I've been writing a testcase for xfstests to test statx. However, it's turned
up what I think is a bug in the kernel's time-tracking system. If I do:

date +%s.%N
touch foo
dump-timestamps foo

such that foo is created, sometimes the atime, mtime and ctime timestamps on
foo will be *before* the time printed by 'date'.

For example:

[root@andromeda ~]# Z=/b/zebra6; date +%s.%N; touch $Z; /tmp/dump-timestamps $Z
1490894656.267225764
st_atime: 1490894656.267032686
st_mtime: 1490894656.267032686
st_ctime: 1490894656.267032686

As can be seen, the three file timestamps are -193078 nsec from the prior
clock time. This was with git commit:

89970a04d70c6c9e5e4492fd4096c0b5630a478c

the current head of Linus's tree.

I'm sure I've seen a case where tv_sec differed by 1 when running my xfstests
script, but it's hard to reproduce that. It also occurs with other file
types, not just regular files. It occurs on both ext4 and xfs.

I've attached the source for dump-timestamps below.

David
---
#include <stdio.h>
#include <stdlib.h>
#include <sys/stat.h>
int main(int argc, char *argv[])
{
struct stat st;

if (argc != 2) {
fprintf(stderr, "Format: %s <file>\n", argv[0]);
exit(2);
}
if (stat(argv[1], &st) == -1) {
perror(argv[1]);
exit(1);
}
printf("st_atime: %ld.%09ld\n", st.st_atim.tv_sec, st.st_atim.tv_nsec);
printf("st_mtime: %ld.%09ld\n", st.st_mtim.tv_sec, st.st_mtim.tv_nsec);
printf("st_ctime: %ld.%09ld\n", st.st_ctim.tv_sec, st.st_ctim.tv_nsec);
return 0;
}


2017-03-30 18:08:00

by Linus Torvalds

[permalink] [raw]
Subject: Re: Apparent backward time travel in timestamps on file creation

On Thu, Mar 30, 2017 at 10:30 AM, David Howells <[email protected]> wrote:
>
> I've been writing a testcase for xfstests to test statx. However, it's turned
> up what I think is a bug in the kernel's time-tracking system. If I do:
>
> date +%s.%N
> touch foo
> dump-timestamps foo
>
> such that foo is created, sometimes the atime, mtime and ctime timestamps on
> foo will be *before* the time printed by 'date'.

I don't think our filesystem timestamps have ever been equivalent to
"gettimeofday()".

The "gettimeofday()" times are actually fairly expensive to calculate
(although we've optimized that code heavily, because it's a very
common system call in many loads). We try to give gettimeofday() much
higher precision than any other time in the system: it not only
participates in all the NTP stuff, we also actually read the hardware
time register (hopefully the TSC, but it can be any time source) and
interpolate that very carefully to give a high-quality clock value
that is *much* higher precision than the timer tick.

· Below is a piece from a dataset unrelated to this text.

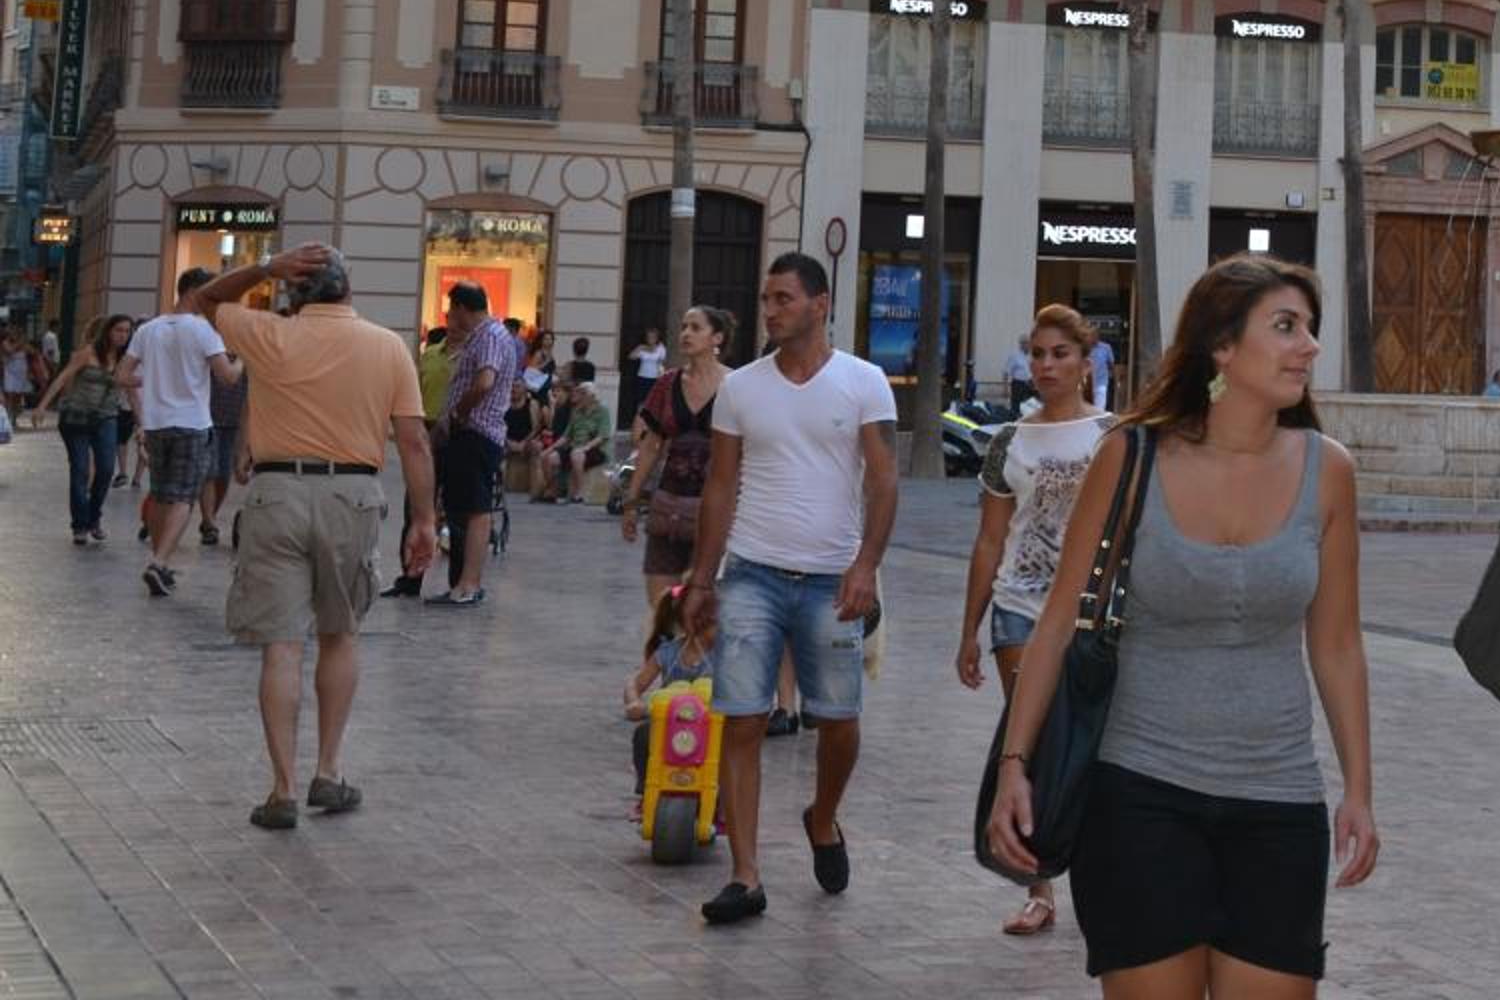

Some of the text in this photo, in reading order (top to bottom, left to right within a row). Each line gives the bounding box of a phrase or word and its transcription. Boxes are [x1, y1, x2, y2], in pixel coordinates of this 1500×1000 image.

In contrast, the filesystem times are based on CURRENT_TIME (and the
modern variation: "current_time(inode)") that is a completely
different animal. It truncates the time to the inode time granularity,
yes, but there's a much more fundamental thing going on: instead of
using that exact gettimeofday() thing, it just uses
"current_kernel_time()".

And current_kernel_time() doesn't do *any* of the fancy "interpolate
high-quality hardware clock" stuff. No, it just uses "xtime" that is
updated by the timer interrupt (ok, that's slightly simplified,
'xtime' is no longer just a single global, we have a per-timekeeping
one these days, but it's historically and conceptually what we're
doing).

The difference can be quite noticeable - basically the
"gettimeofday()" time will interpolate within timer ticks, while
"xtime" is just the truncated "time at timer tick" value _without_ the
correction.

And none of this is new. It goes back to forever. Any Linux version
that had gettimeofday() with the finer-grained offset. Not 0.01 (I
checked).

[ Goes digging. Ok, the gettimeofday timer interpolation was added in
April, 1993 in version 0.99.9 ]

So it's been like this for about 24 years now.

Linus

2017-03-30 18:49:13

by John Stultz

[permalink] [raw]
Subject: Re: Apparent backward time travel in timestamps on file creation

On Thu, Mar 30, 2017 at 10:30 AM, David Howells <[email protected]> wrote:
> Hi Thomas, John,
>
> I've been writing a testcase for xfstests to test statx. However, it's turned
> up what I think is a bug in the kernel's time-tracking system. If I do:
>
> date +%s.%N
> touch foo
> dump-timestamps foo
>
> such that foo is created, sometimes the atime, mtime and ctime timestamps on
> foo will be *before* the time printed by 'date'.
>
> For example:
>
> [root@andromeda ~]# Z=/b/zebra6; date +%s.%N; touch $Z; /tmp/dump-timestamps $Z
> 1490894656.267225764
> st_atime: 1490894656.267032686
> st_mtime: 1490894656.267032686
> st_ctime: 1490894656.267032686
>
> As can be seen, the three file timestamps are -193078 nsec from the prior
> clock time. This was with git commit:

Linus covered this already, as its a granularity difference, but it is
something that seems to crop up every few years.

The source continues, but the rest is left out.